The High Court heard a case that involved FH, who was an 81-year-old woman with a range of health conditions including dementia, cancer and multiple sclerosis. MH is her husband of several decades. FH has capacity to make decisions about where she lives and who she has contact with. There have been ongoing safeguarding concerns regarding emotional and physical abuse of MH towards FH in their home. FH had later moved into a care home where staff also expressed concerns about abuse from MH - preventing care home staff from administering medication, losing his temper and intervening in conversations between FH and her carers. Carers have been supervising visits between FH and MH, but FH says she loves her husband and finds this intrusive. 

Despite FH having the capacity to make decisions about her relationship with MH, the judge relied ‘inherent jurisdiction’ to decide that supervising FH’s contact with MH was a proportionate restriction on her right to a private and family life, home and correspondence. This was to protect FH from her husband’s abusive behaviour. 

Inherent Jurisdiction is a legal power of the High Court that can be used where an adult is deemed to have capacity but is considered vulnerable to influences that prevent them from being able to make their own free choices, such as coercion or abuse. 

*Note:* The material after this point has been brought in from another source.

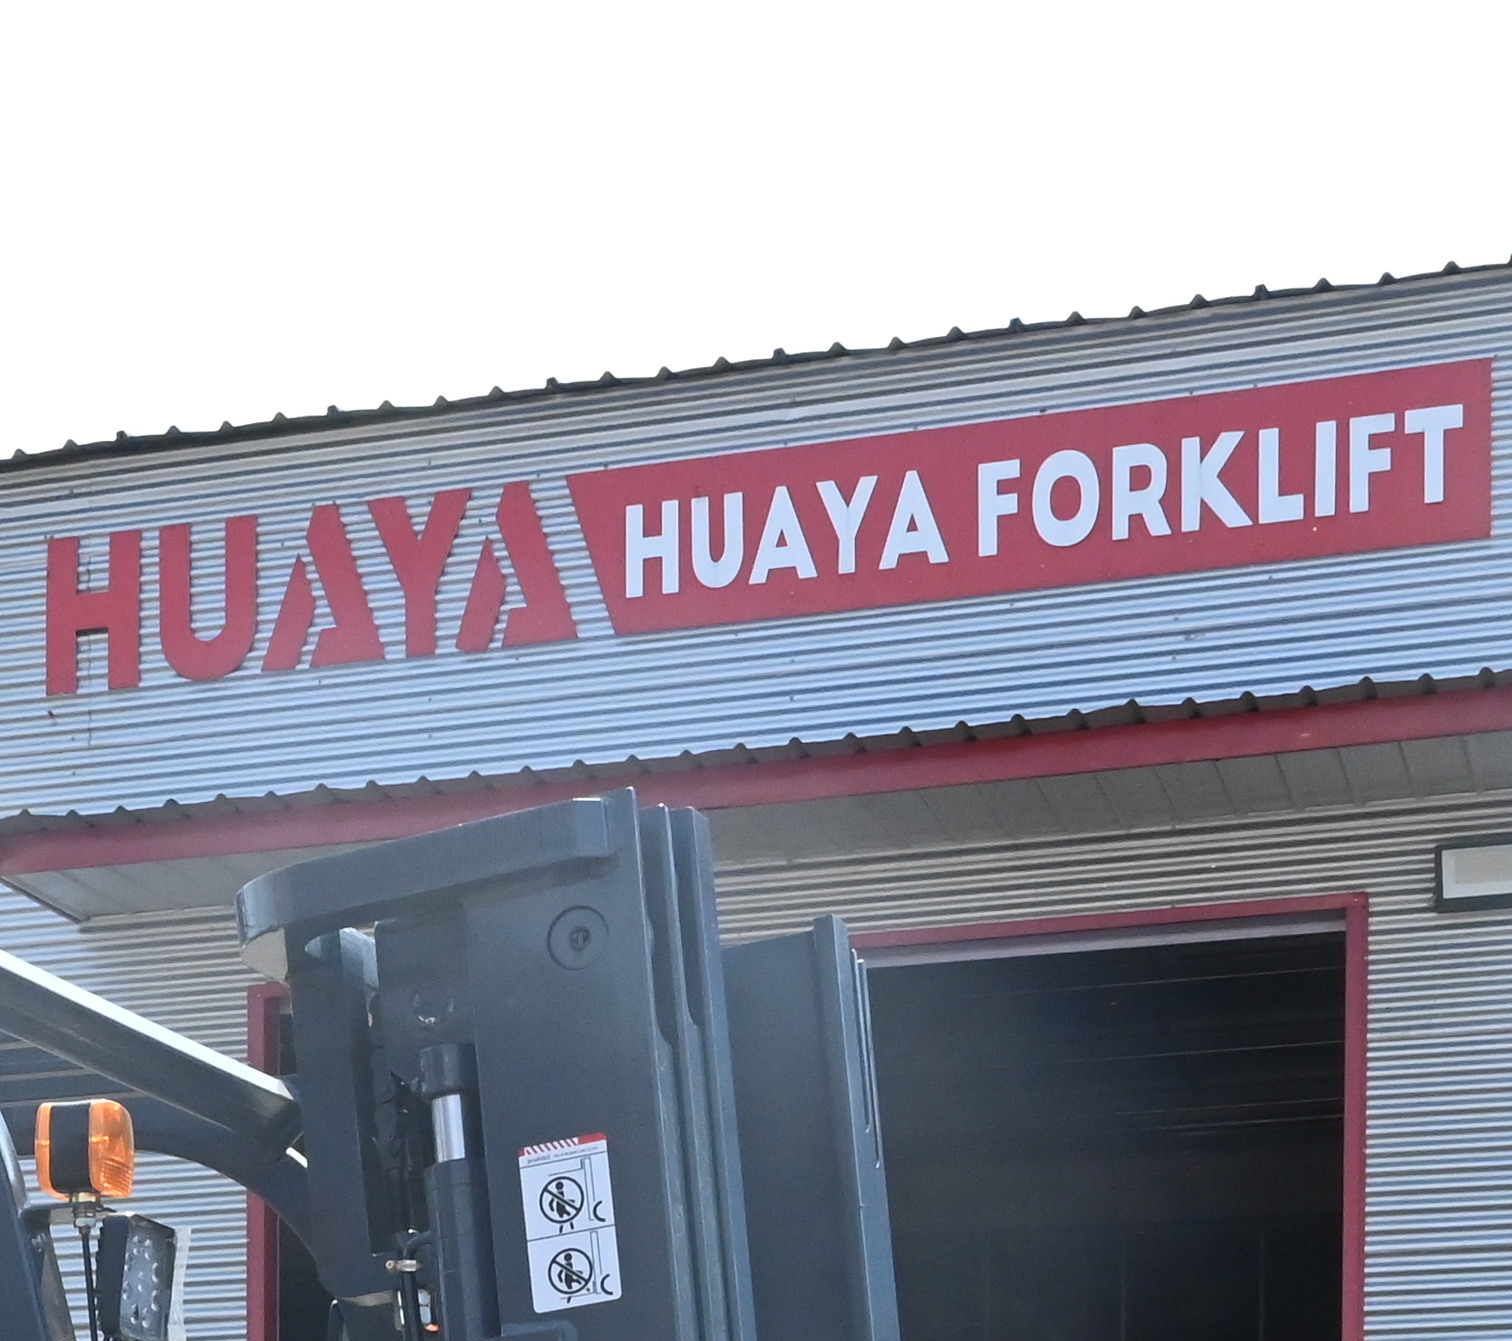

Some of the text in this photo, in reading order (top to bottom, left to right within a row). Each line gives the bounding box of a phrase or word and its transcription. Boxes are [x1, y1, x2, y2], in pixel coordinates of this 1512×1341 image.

[46, 481, 578, 697] HUAYA
[624, 403, 1464, 598] HUAYA FORKLIFT

And finally … SEND Parents and Carers in Gloucestershire

BIHR’s CEO Sanchita will be joining the Parent and Carer Alliance on 18th March at Wheatstone Hall, Gloucester to hold a training session on using the Human Rights Act to advocate for your children and family. You will receive a copy of the advocacy guide BIHR and PCA developed together as part of our Community Programme. The workshop will support parents and carers to understand the legal duties of local authorities, health services, schools and others to respect, protect, and fulfil people's human rights. And there will be coffee and cake!